IV. — Ma tutto ciò bastò solo per un momento ad appagar l’ingordigia del governo. In ogni parlamento si metteano avanti la difesa della religione minacciata dagli eretici olandesi, la difesa dello stato di Milano ed altri bisogni tutti stranieri alla Sicilia. Il parlamento imponea dazî perpetui e gli assegnava al re, e questi non sì tosto si davano, che si vendeano, onde i bisogni del governo d’ora in ora divenivan maggiori; intantochè nel 1638 dopo tanti sacrifizî si chiese al parlamento uno straordinario ed esorbitante donativo di due milioni di scudi, e il parlamento non potè trarli altronde che da un balzello sopra tutti i cittadini di ogni classe, tranne i mendici, di quanto ognuno trae in un giorno o da’ suoi beni o dal suo lavoro; ed altre gabelle fu mestieri imporre. Ciò non però di manco l’anno appresso il parlamento, per dare altro danaro, che si volea, impose due gabelle, contro le quali tanto si è gridato ne’ tempi moderni, la carta bollata e il due per cento su tutti i contratti di compra, vendite, locazioni e simili.
Grave maraviglia ci arreca il vedere come nessun parlamento abbia saputo in que’ tempi cogliere il destro de’ grandi bisogni e della milensaggine del governo, e far per lo regno tutto ciò che con tanto savio consiglio faceano i Messinesi per la loro città; dar danaro per estender le franchigie della nazione. E forse i Messinesi pensavan troppo al vantaggio particolare, perchè nessuno si dava pensiero del generale. In vero di ciò, svolgendo gli atti de’ parlamenti convocati in quel regno, s’incontrano sempre proposte o di poco generale rilievo od anche affatto nocevoli. Tali sono i provvedimenti chiesti nel 1648 per promovere l’agricoltura. e la pastorizia. Insiste il parlamento nella proibizione di macellare animali bovini; vuole i baroni seminassero ogni anno almeno la sesta parte de’ loro feudi; che le persone facoltose fossero obbligate dal magistrato a dar soccorso ai coloni; che tutte le faccende agrarie fossero dirette da un magistrato detto Giunta frumentaria (621). Queste stesse bessaggini, le quali mostrano evidentemente il decadimento dell’agricoltura in quell’età, erano state prescritte nella famosa prammatica: De seminerio, ejusque privilegiis, bandita due anni prima, nella quale erano state trasfuse tulle le antecedenti leggi di simil natura. Ciò non di manco l’agricoltura non s’era punto più estesa, il bestiame continuava a mancare, il commercio era tanto scarso, che ad onta degl’intimi e moltiplici legami tra la Spagna e la Sicilia, non vi era cambio, e ’l governo spagnuolo pretendea d’aver pagati i tributi in moneta castigliana. Tali fatti non isgannarono nè il parlamento di allora, nè gli uomini dell’età posteriore. Questi fatali regolamenti, e degli altri forse anche più nocevoli, erano in voga sino a dì nostri, e siamo ancor lontani dal vedere gli uomini in generale convinti dalla verità, che il mezzo più efficace di promover l’agricoltura, le arti, il commercio, l’industria in generale, è quello di non frapporvi ostacoli, senza darsene altro pensiero (622)

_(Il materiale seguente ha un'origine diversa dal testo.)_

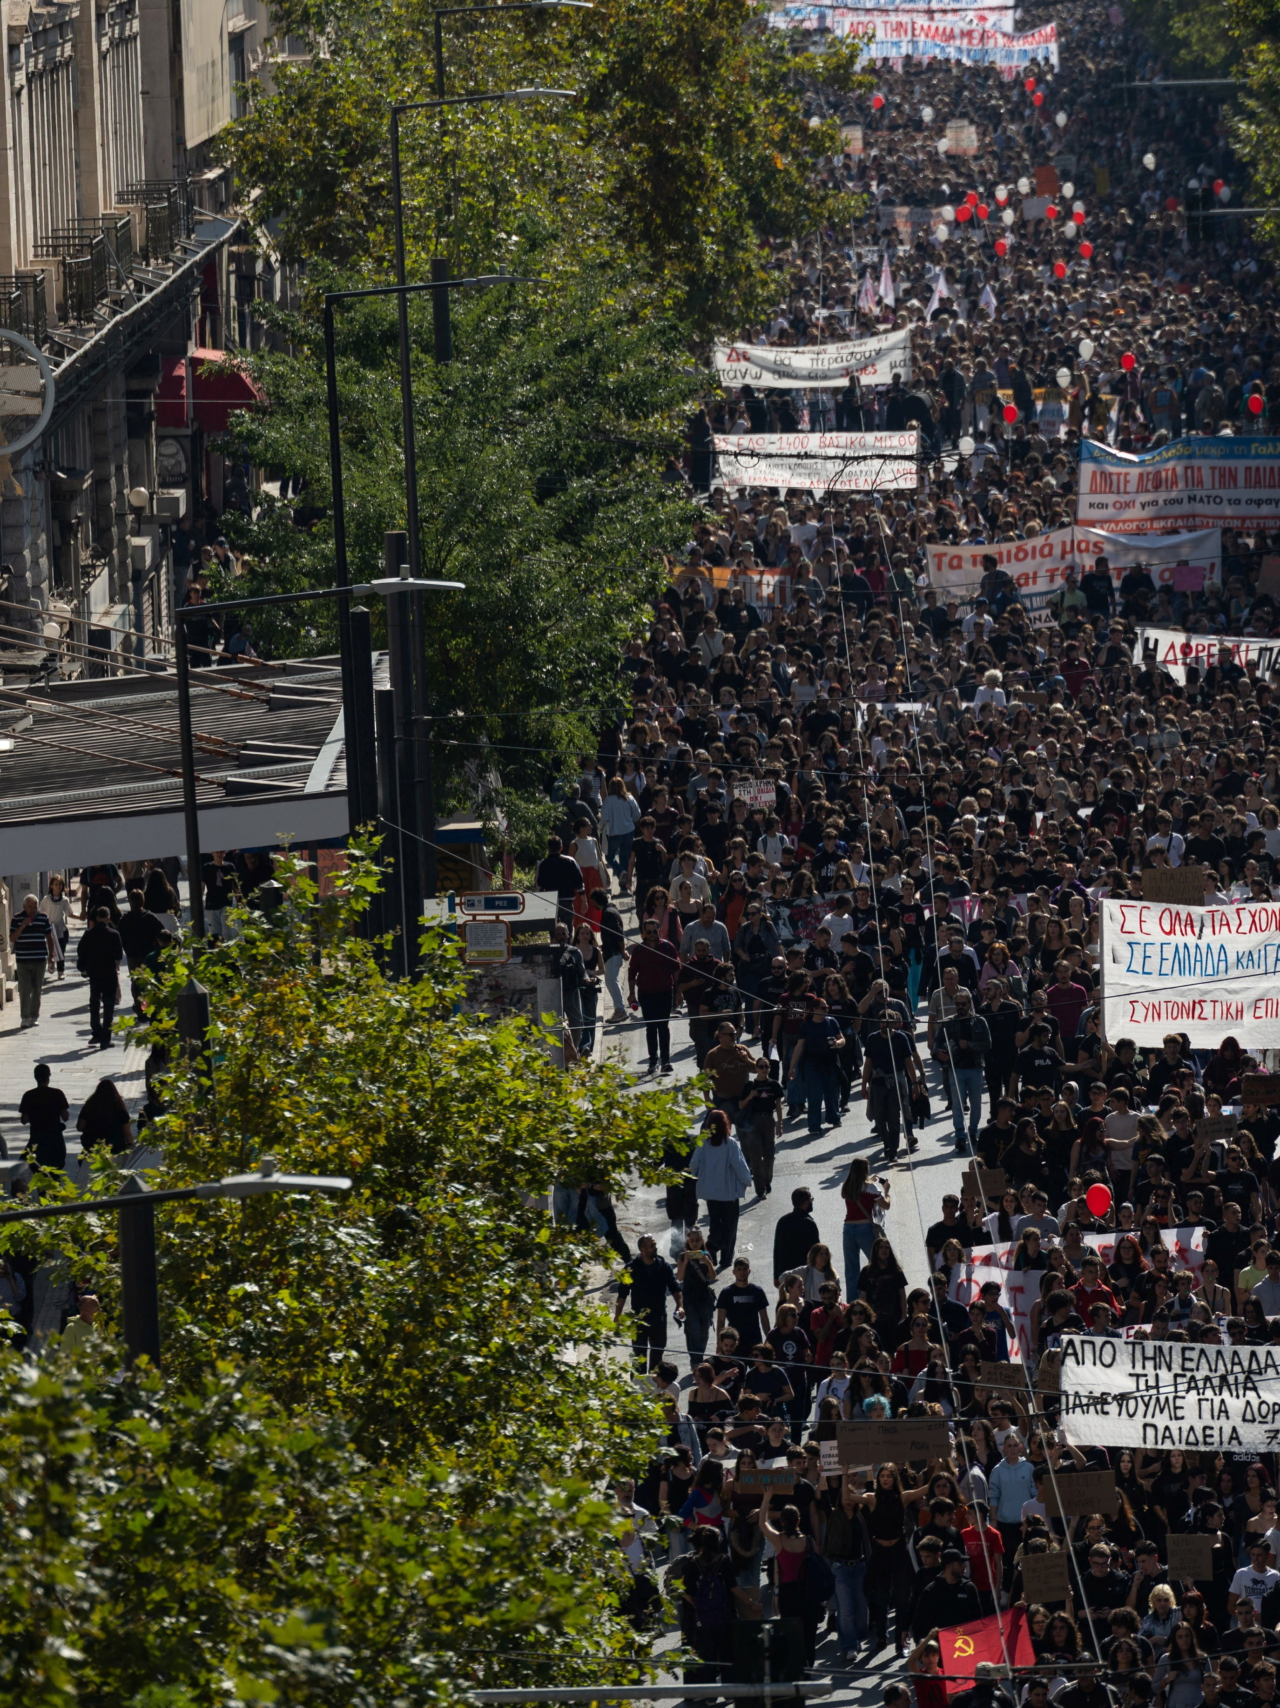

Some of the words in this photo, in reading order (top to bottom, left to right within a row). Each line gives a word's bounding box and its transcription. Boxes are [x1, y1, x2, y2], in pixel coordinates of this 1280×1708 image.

[882, 20, 908, 39] ΤΗΝ
[912, 20, 955, 44] ΕΛΛΑΔΑ
[726, 347, 750, 363] Δε
[773, 353, 792, 366] θα
[809, 347, 882, 370] περάσουν
[819, 435, 865, 449] ΒΑΣΙΚΟ
[873, 435, 917, 448] ΜΙΣΘΟ
[1196, 443, 1230, 457] μέχρι
[1233, 446, 1249, 456] τη
[1089, 469, 1131, 494] ΔΩΣΤΕ
[1136, 467, 1179, 494] ΛΕΦΤΑ
[1184, 467, 1205, 489] ΓΙΑ
[1209, 466, 1239, 489] ΤΗΝ
[1088, 500, 1109, 511] και
[1112, 499, 1136, 510] ΟΧΙ
[1139, 500, 1159, 512] για
[1163, 496, 1184, 508] του
[1187, 494, 1224, 506] ΝΑΤΟ
[1227, 497, 1242, 507] τα
[1095, 521, 1151, 532] ΣΥΛΛΟΓΟΙ
[1153, 518, 1241, 529] ΕΚΠΑΙΔΕΥΤΙΚΩΝ
[932, 552, 964, 572] Τα
[1060, 538, 1105, 559] μας
[1011, 569, 1038, 588] αι
[1158, 561, 1217, 584] σς!
[1163, 640, 1250, 669] ΔΩΡΕΝ
[1160, 871, 1201, 885] ΠΑΙΔΕΙΑ
[1119, 904, 1150, 936] ΣΕ
[1158, 907, 1197, 938] ΟΛΑ
[1205, 909, 1232, 937] ΤΑ
[1126, 941, 1157, 976] ΣΕ
[1158, 942, 1229, 978] ΕΛΛΑΔΑ
[1234, 949, 1262, 972] ΚΑΙ
[1127, 998, 1245, 1024] ΣΥΝΤΟΝΙΣΤΙΚΗ
[1034, 1058, 1052, 1067] FILA
[1061, 1338, 1117, 1369] ΑΠΟ
[1124, 1341, 1173, 1373] ΤΗΝ
[1181, 1345, 1280, 1376] ΕΛΛΑΔΑ
[1128, 1371, 1161, 1395] ΤΗ
[1172, 1372, 1262, 1399] ΓΑΛΛΙΑ
[1060, 1389, 1185, 1422] ΠΑΛΕΥΟΥΜΕ
[1198, 1397, 1230, 1421] ΓΙΑ
[1142, 1423, 1243, 1448] ΠΑΙΔΕΙΑ
[1061, 1498, 1102, 1510] URVIVRE?

V. — Che che ne sia di ciò, l’indifferenza del parlamento siciliano per oggetti di maggior momento, tanto più deve recar maraviglia, in quanto la Sicilia non andò allora esente da quello spirito di vertigine, da cui furono agitate molte altre parti della monarchia spagnuola; chè la debolezza del governo facea da per tutto i popoli arditi a tentare pericolose innovazioni. Il Portogallo con tutti i paesi dell’altro emisfero, dipendenti da quel regno, si staccarono dalla monarchia spagnuola; la Catalogna ribellata e sostenuta da’ Francesi diede assai che fare alle armi di re Filippo: in Napoli un pescivendolo detto Tommaso Aniello, e volgarmente Masaniello, messosi alla testa del fedelissimo popolo, cacciò il governo spagnuolo e dettò alcun tempo leggi. Un esempio così vicino scaldò le menti de’ Siciliani. Tumultuazioni erano accadute in Messina nel 1646, perchè per la carestia erasi diminuito il peso del pane; tumultuazioni erano accadute per la stessa ragione l’anno appresso in Palermo e nella maggior parte delle città e terre del regno. E perchè erasi menata buona la dimanda della plebe palermitana di abolirsi le gabelle e di scegliersi nuovi magistrati municipali, da per tutto furono a furia di popolo abolite le gabelle e cacciati i magistrati. Ivi a poco un Giuseppe d’Alessi volte far la scimia a Masaniello e gli venne fatto. Levò la plebe a sommossa; il vicerè fuggì; la poca truppa spagnuola si ritirò; lo Alessi cominciò a governare a senno suo la città col titolo di capitan generale del popolo e sindaco perpetuo della città. Ebbe assegnata una guardia di settanta soldati, pagati dal comune, ed il soldo di duemila scudi l’anno. Dopo pochi giorni quel tumulto fu represso, lo Alessi fu messo a morte, non dalla forza del governo, chè non ne avea, e molto meno per l’abilità del vicerè marchese di los Veles, ma da’ pescatori, dagli orefici, da’ preti, da’ nobili. E comechè severamente fossero stati gastigati molti dei compagni dello Alessi, ed al doppoco los Veles, morto nel novembre del 1647, fosse succeduto al governo il cardinale Teodoro Trivulzio, uomo fermo e coraggioso, pure la forza era sempre in mano della plebe; la custodia della città e de’ baluardi guerniti d’artiglierie era affidala ai consoli degli artieri; però le tumultuazioni e le congiure ripullulavano.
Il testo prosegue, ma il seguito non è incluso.